Non so se qualcuno leggera' mai queste righe e per quanto andro' avanti a scrivere, ma su alcune cose non riesco a stare zitto e parlarne con gente non italiana e' molto difficile (giustamente non capiscono in che Paese viviamo...)
E quindi eccomi qui a scaricare ancora una volta tutta la mia rabbia nel vedere come l'Italia riesca sempre ad essere un paese non-normale. Questa volta la "colpa" e' di uno che di mestiere fa il comico, ultimamente suona al citofono piu' spesso di un postino, ma nella sua vita ha fatto anche altro. Sto ovviamente parlando di Andrea Rivera, scelto a condurre, in qualita' di comico, il concertone del Primo Maggio. E lui, da comico, fa il suo lavoro, strimpellando con la chitarra e analizzando vizi e virtu' del Belpaese. Ad un certo punto dice nient'altro che la verita', e cioe' che a Piergiorgio Welby la chiesa non ha concesso i funerali religiosi mentre a Pinochet e a Franco si'. Questa si chiama liberta' di espressione, che al suo interno prevede anche la liberta' di dissentire, di dire dei "no, non sono d'accordo" (e quanti no che dice la chiesa ultimamente!!!) oltre a quella di dire sempre si', di piegarsi ai diktat dei vari vescovi e cardinali di turno...

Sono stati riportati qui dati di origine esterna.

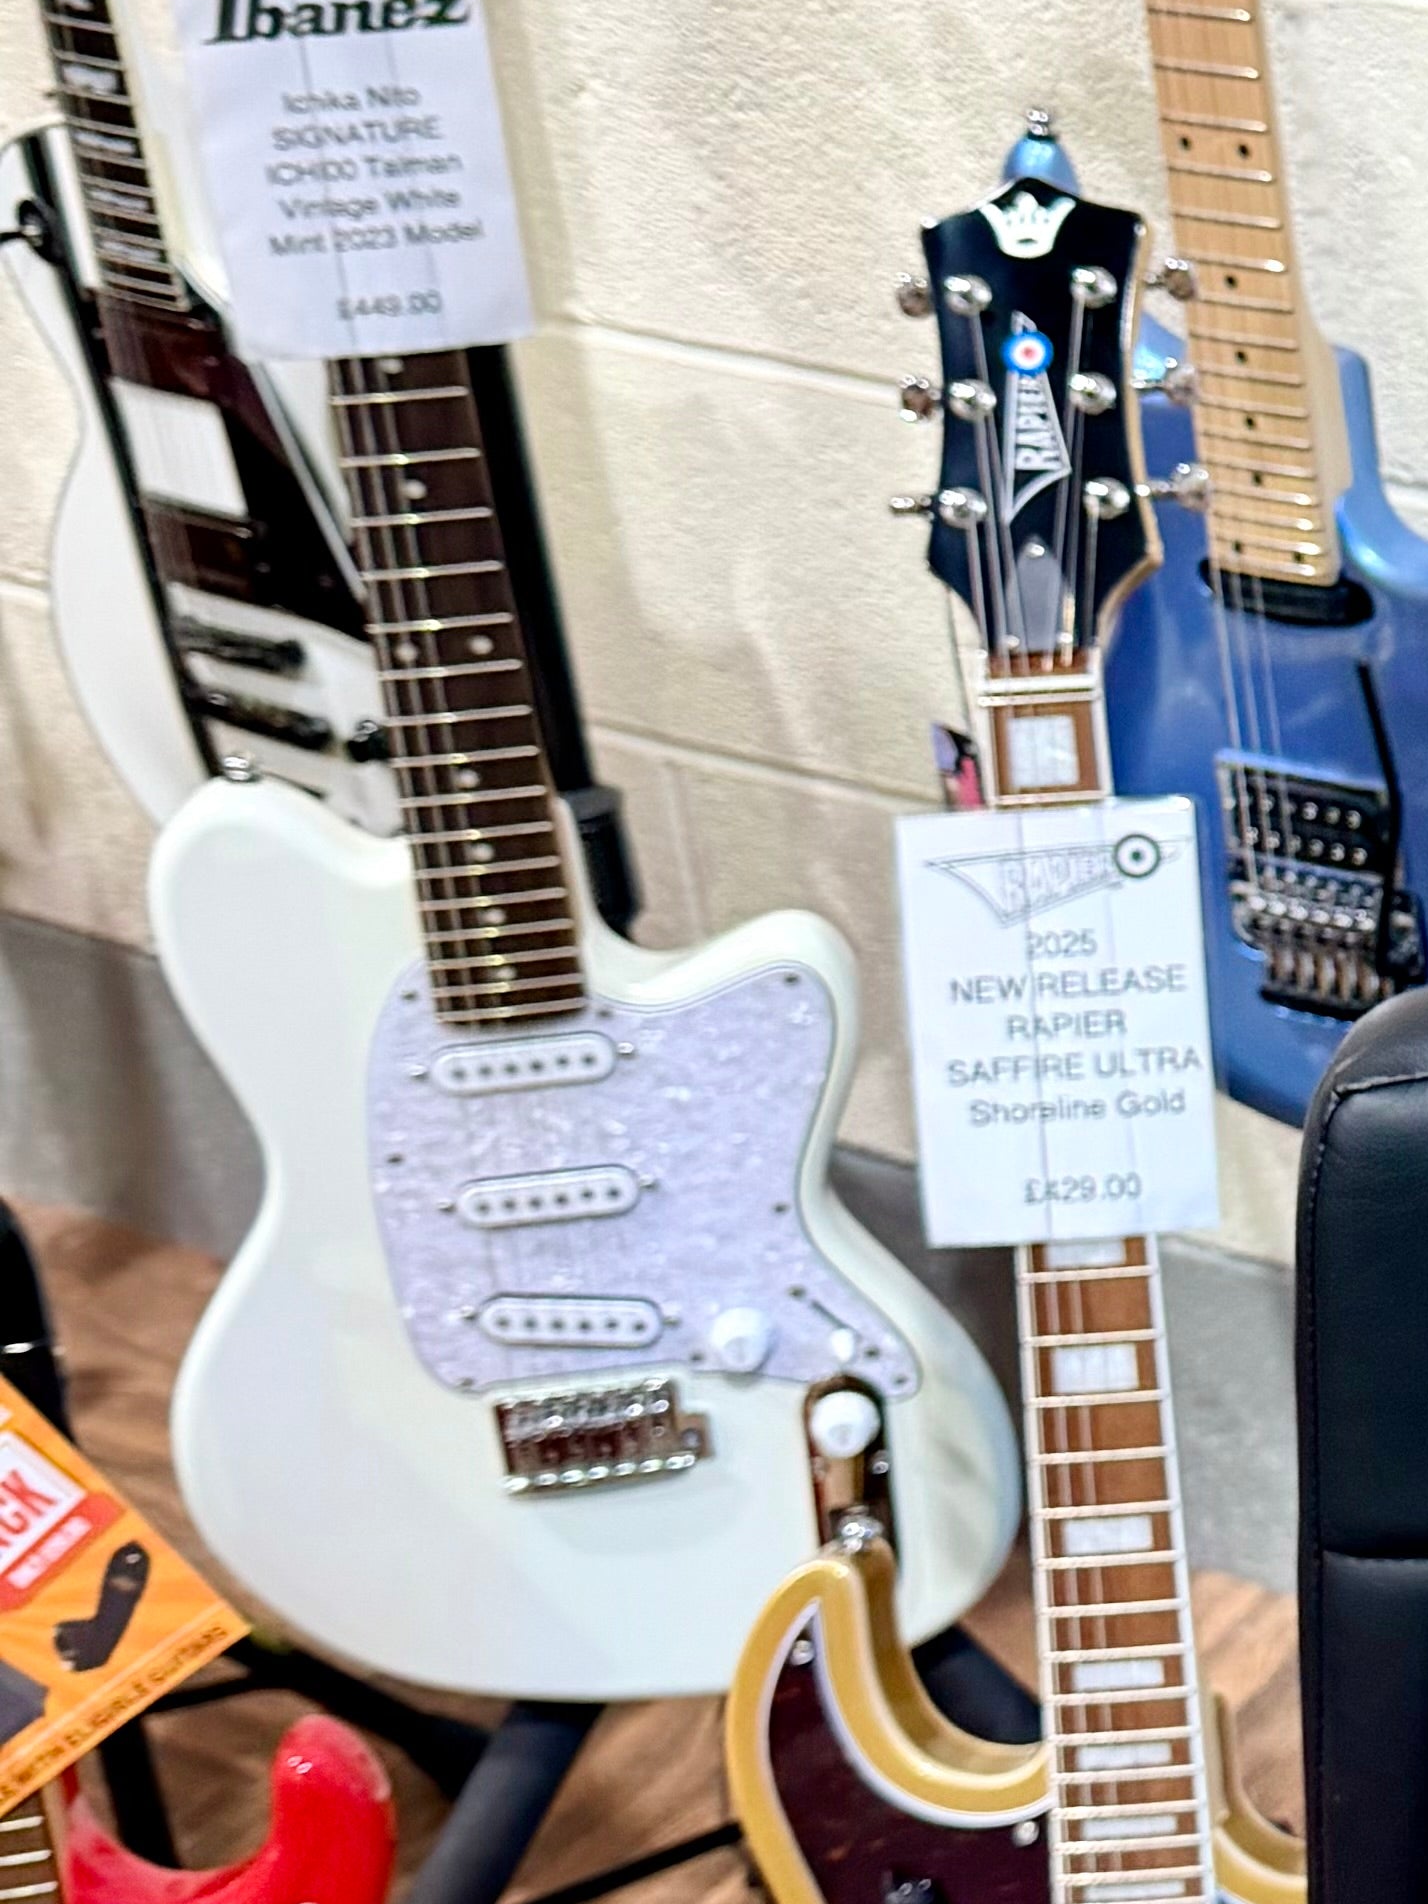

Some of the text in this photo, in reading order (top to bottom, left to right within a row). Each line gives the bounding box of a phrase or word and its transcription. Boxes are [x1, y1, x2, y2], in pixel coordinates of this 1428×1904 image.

Ma siamo a Roma, davanti ad una chiesa e soprattutto davanti a milioni di persone che guardano la TV e allora subito tutti a dissociarsi, a dire che quelle sono frasi stupide (Berlusconi avrebbe detto di essere stato frainteso), a condannare il gesto, a dire che non ce n'era bisogno e chi piu' ne ha piu' ne metta...
Ieri poi la follia piu' totale: l'osservatore romano parla di atto di terrorismo contro il Papa!! E allora gli attacchi dell'11 settembre, dell'11 marzo e del 7 luglio cosa sono? Ma guai a contraddire, e allora nessuno che si alza in piedi a difendere la verita' storica. Ma signori miei, ieri bisognava scendere in piazza subito per ricordare che fino a prova contraria siamo in una situazione di libera chiesa in Libero Stato e non viceversa!!
ps: l'uso delle maiuscole e minuscole e' voluto!
ps2: non era mia intenzione essere offensivo, spero nessuno si sia sentito ferito dalle mie parole, rispecchiano pero' quello che penso e che provo.